**SOURCE MATERIAL**:
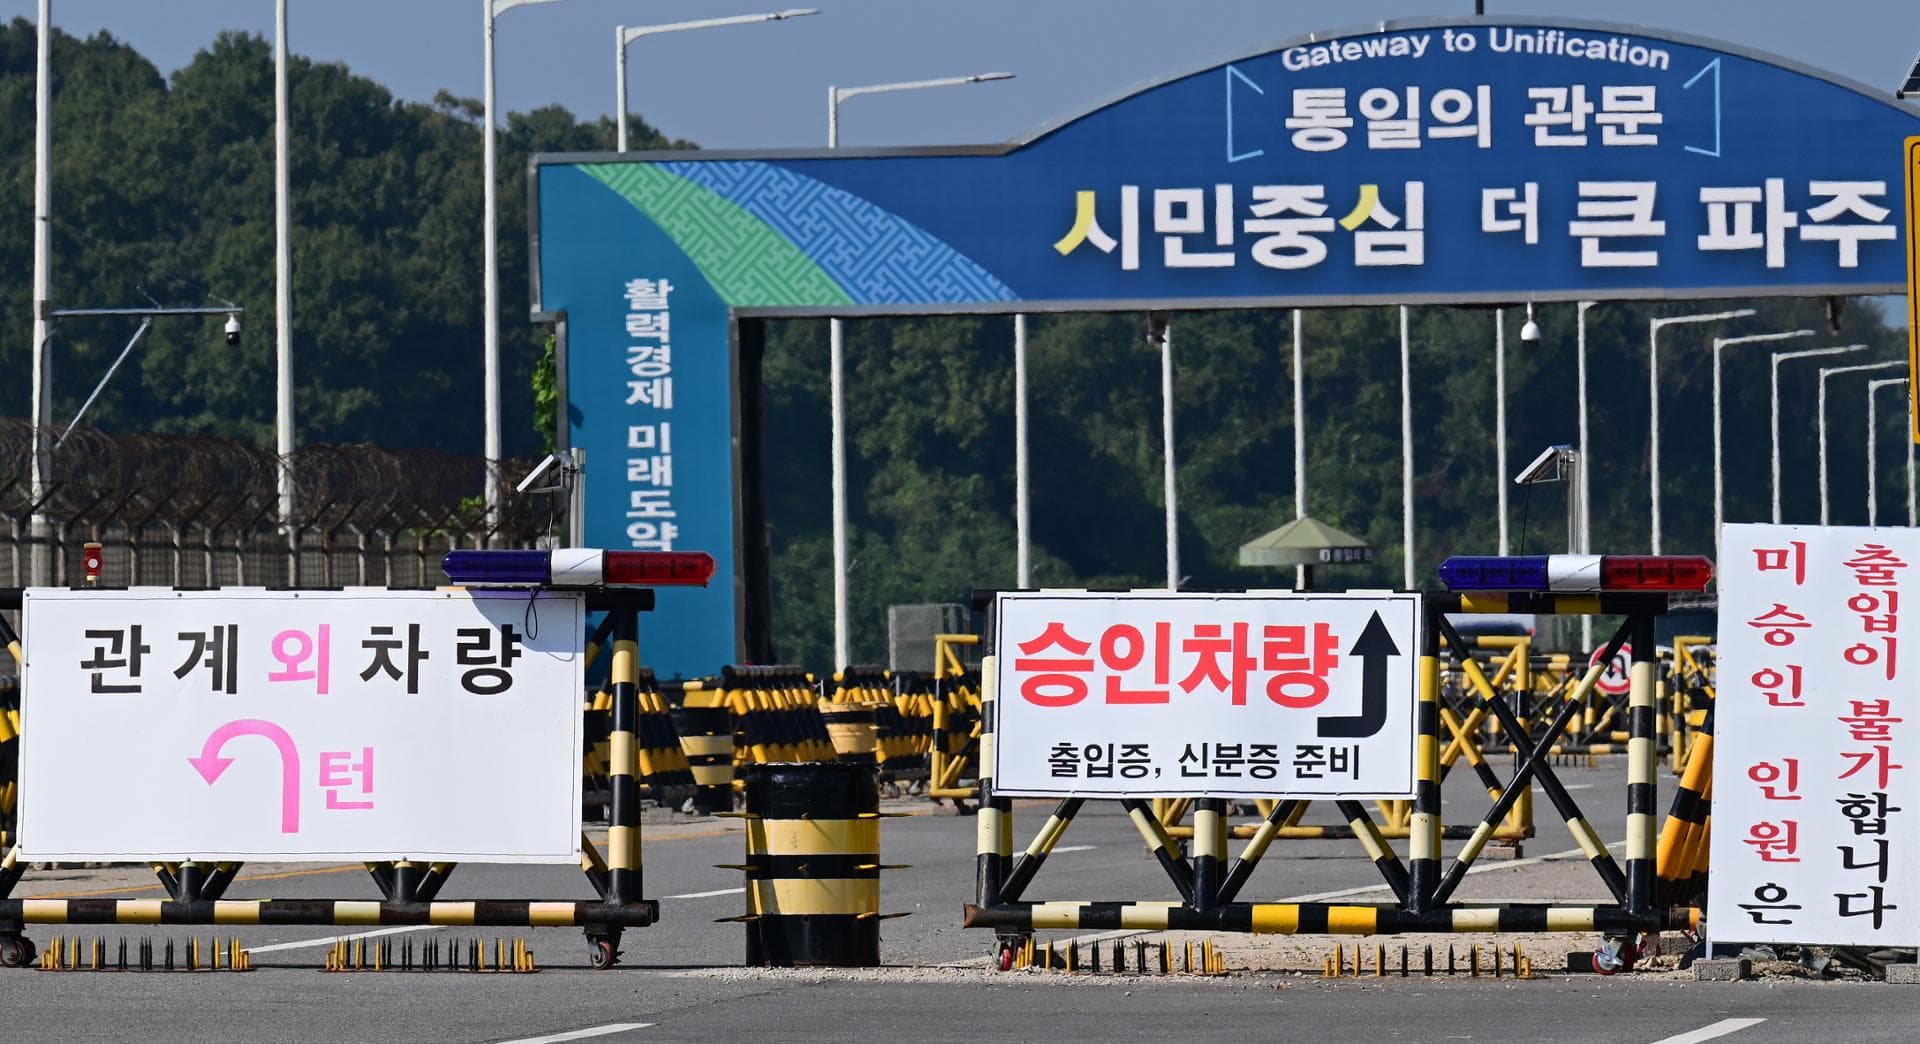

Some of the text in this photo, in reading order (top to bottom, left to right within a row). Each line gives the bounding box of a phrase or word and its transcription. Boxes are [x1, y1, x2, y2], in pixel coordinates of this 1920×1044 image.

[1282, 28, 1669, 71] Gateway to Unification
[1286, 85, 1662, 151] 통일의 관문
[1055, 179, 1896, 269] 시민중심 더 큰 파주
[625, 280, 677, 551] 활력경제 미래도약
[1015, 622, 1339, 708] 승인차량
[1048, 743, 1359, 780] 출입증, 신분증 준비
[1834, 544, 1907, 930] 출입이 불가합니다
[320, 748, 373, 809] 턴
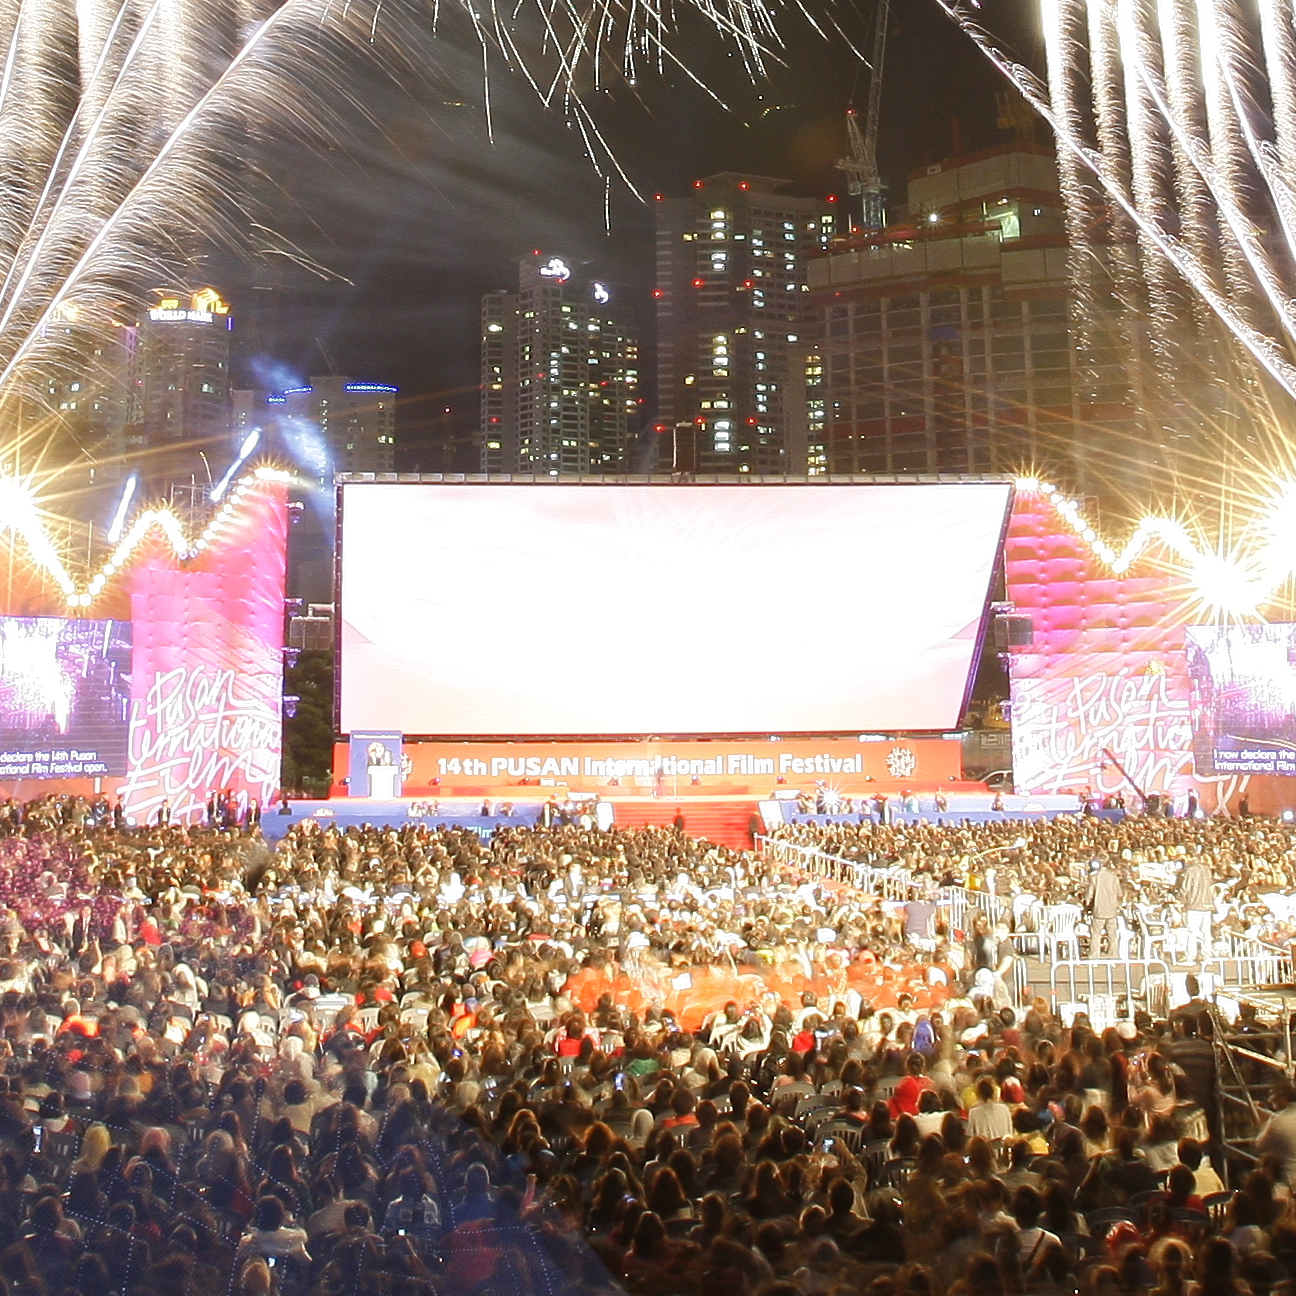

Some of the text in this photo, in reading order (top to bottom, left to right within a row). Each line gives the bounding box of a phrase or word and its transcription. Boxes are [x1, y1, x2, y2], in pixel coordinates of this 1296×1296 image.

**EXERCISE OBJECTIVE**: An exact copy of the entries, minus the pictures, is what to return.

**TASK SOLUTION**:
Some of the text in this photo, in reading order (top to bottom, left to right within a row). Each line gives the bounding box of a phrase or word and its transcription. Boxes are [x1, y1, x2, y2], in pixel coordinates of this 1920×1044 image.

[1282, 28, 1669, 71] Gateway to Unification
[1286, 85, 1662, 151] 통일의 관문
[1055, 179, 1896, 269] 시민중심 더 큰 파주
[625, 280, 677, 551] 활력경제 미래도약
[1015, 622, 1339, 708] 승인차량
[1048, 743, 1359, 780] 출입증, 신분증 준비
[1834, 544, 1907, 930] 출입이 불가합니다
[320, 748, 373, 809] 턴

Some of the text in this photo, in reading order (top to bottom, left to right within a row). Each line gives the bounding box of a phrase or word and its transcription. Boxes are [x1, y1, x2, y2], in pixel coordinates of this 1296×1296 image.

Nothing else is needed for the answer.